Application of Particle Swarm Optimization Based on Beetle Antennae Search Algorithm in PID Parameter Tuning

WU Qiang,ZHANG Wei,YANG Huiting,WANG Chaoying   

  1. School of Optoelectronic Information and Computer Engineering,University of Shanghai for Science and Technology,Shanghai 200093,China
  • Received:2019-04-10 Online:2020-06-15 Published:2020-06-18
  • Supported by:
    National Natural Science Foundation of China(11502145)

摘要:

PSO虽然被广泛应用于包含PID参数整定等各种寻优问题中,但是传统粒子群算法在某些场合收敛速度慢且较容易陷入局部最优值。针对这些问题,文中提出一种将新型高效BAS融合进PSO算法的全局寻优过程,该方法可以更好地跳出局部最优点。同时,由于BAS算法为单一个体的算法,易因为早熟收敛陷入局部最优,故将BAS和传统的PSO结合也增强了BAS的丰富度。在Schaffer函数进行的20次独立测试显示,该算法相对于传统PSO和BAS取得了较好的寻优结果。最后,将算法应用到不稳定对象的PID参数寻优中,结果显示相对于PSO和改进PSO算法,新算法下的ts、tr、IAE、ISE等各项指标均得到了提高。

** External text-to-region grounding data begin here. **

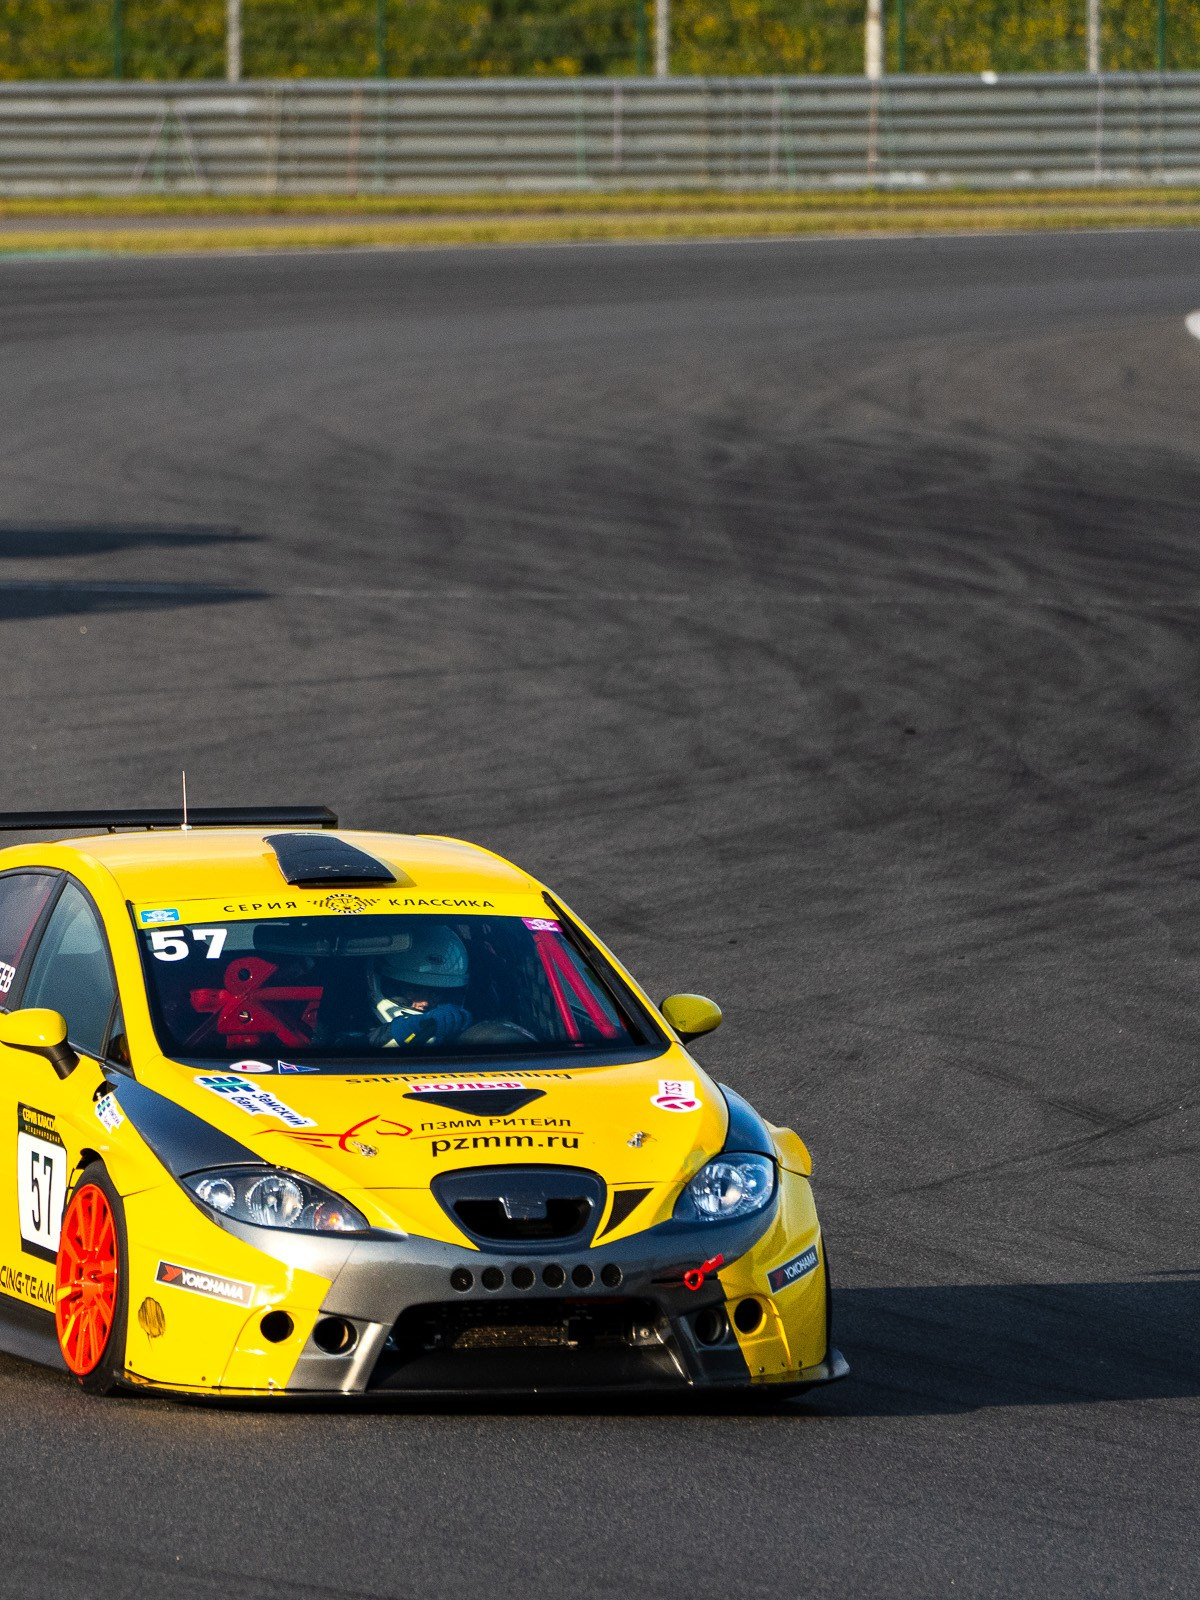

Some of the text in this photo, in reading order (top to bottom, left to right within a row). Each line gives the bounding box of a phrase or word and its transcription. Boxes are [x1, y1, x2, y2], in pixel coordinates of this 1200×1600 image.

[223, 898, 495, 913] СЕРИЯ КЛАССИКА
[150, 928, 228, 962] 57
[411, 1082, 521, 1092] РОЛЬФ
[420, 1117, 572, 1131] ПЗММ РИТЕЙЛ
[431, 1135, 579, 1157] pzmm.ru
[31, 1150, 54, 1236] 57
[784, 1251, 817, 1280] YOKOHAMA
[182, 1269, 244, 1300] YOKOHAMA

关键词: 粒子群算法, 天牛须算法, PID参数整定, 改进粒子群算法, Schaffer函数, 不稳定对象, Simulink仿真

Abstract:

PSO is widely used in various optimization events, including PID parameter tuning. However, the traditional particle swarm optimization has a slow convergence speed in some cases and is easy to fall into local optimum values. Aiming at this problem, this study proposed a new efficient BAS integrated into the PSO algorithm. The BAS algorithm was applied to the global optimization process of the traditional PSO algorithm, so that it can jump out of the local optimum better. At the same time, because the BAS algorithm is a single individual algorithm, it is easy to fall into local optimum because of premature convergence. By combining with traditional PSO, the richness of BAS was significantly enriched. After 20 independent tests on Schaffer function, compared with the traditional PSO, BAS and the cited references studies, the proposed algorithm achieved better optimization results. Finally, the algorithm was applied to the optimization of the PID parameters of unstable objects. Compared with the PSO and the improved PSO, the indexes such as ts, tr, IAE and ISE had achieved better improvement.

Key words: particle swarm optimization, beetle antennae search algorithm, PID parameter tuning, improved particle swarm optimization, Schaffer function, unstable object, Simulink simulation

中图分类号: 

  • TP273